According to the FCC’s Connect2Health, understanding the data is the first step in better leveraging broadband to help manage chronic health conditions for seniors in Giles County, Tennessee, access lifesaving specialty care in Harlan County, Kentucky, reduce post-surgical pain through Virtual Reality applications in Barbour County, West Virginia, or connect a veteran to virtual rehab in Warren County, Pennsylvania. “The data update reinforces many of last year’s key findings, including sizeable and persistent rural/urban gaps. Notably, counties that need broadband for health the most, tend to have it the least.  Forty-two percent of rural “critical need” counties, representing over 2 million people, had worsening broadband and health metrics,” FCC officials said.

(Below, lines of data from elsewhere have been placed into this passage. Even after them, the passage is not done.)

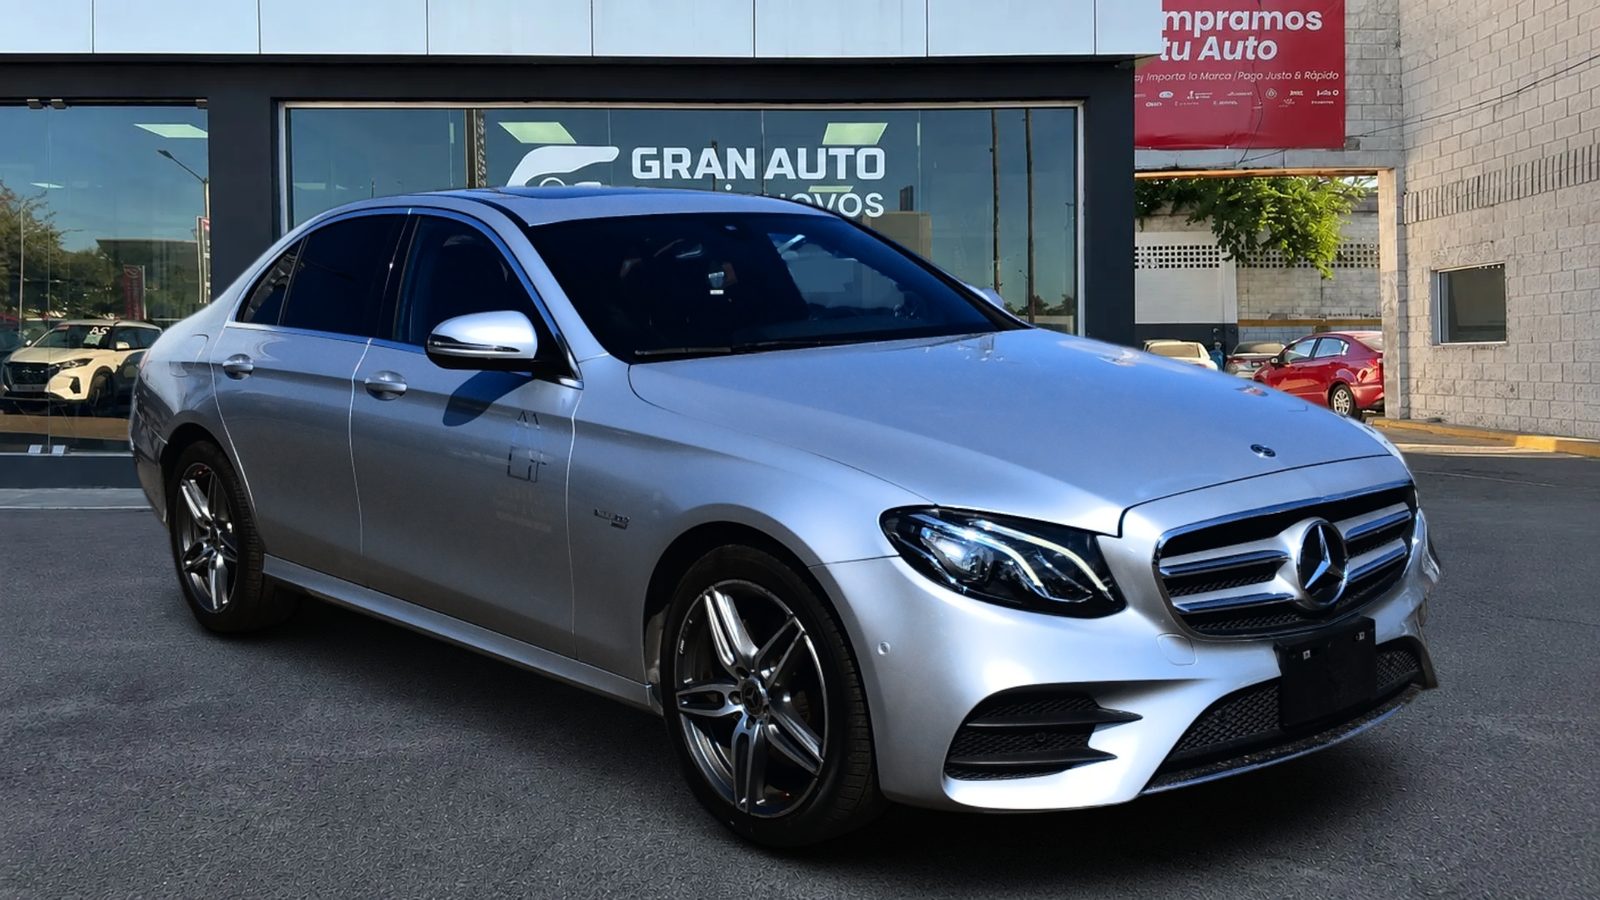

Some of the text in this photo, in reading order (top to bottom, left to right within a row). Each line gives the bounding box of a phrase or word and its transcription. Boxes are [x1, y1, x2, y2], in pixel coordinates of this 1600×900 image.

[1160, 36, 1278, 62] tu Auto
[1146, 72, 1186, 83] Importa
[1188, 72, 1198, 80] la
[1199, 71, 1232, 81] Marca
[1265, 71, 1293, 80] Justo
[1294, 71, 1301, 80] &
[631, 146, 886, 180] GRAN AUTO

“We recognize that the upturn in closures of rural hospitals and medical facilities, highlighted in recent research at the University of North Carolina, is of great concern to many,” Michele Ellison, chair of the Connect2HealthFCC Task Force, said in a statement. “The mapping platform shines a critical spotlight on the need for broadband health solutions in rural and digitally-isolated counties where physician shortages are more than double the national average.  It also demonstrates the importance of initiatives to promote broadband infrastructure deployment.”

Along with the data update, the Task Force has released new priority lists of “critical need” counties in broadband and health—the Priority 2017 and Rural Priority 2017.  The Task Force also introduced a new analytical product―the Positive Trend Counties inventory—that compares broadband and health data year on year (e.g., comparing broadband data from December 2014 to December 2015).  This new inventory identifies priority counties that the data shows have made progress on broadband and/or health measures to a greater or lesser extent, no longer meeting the thresholds as “critical need” counties in broadband and health.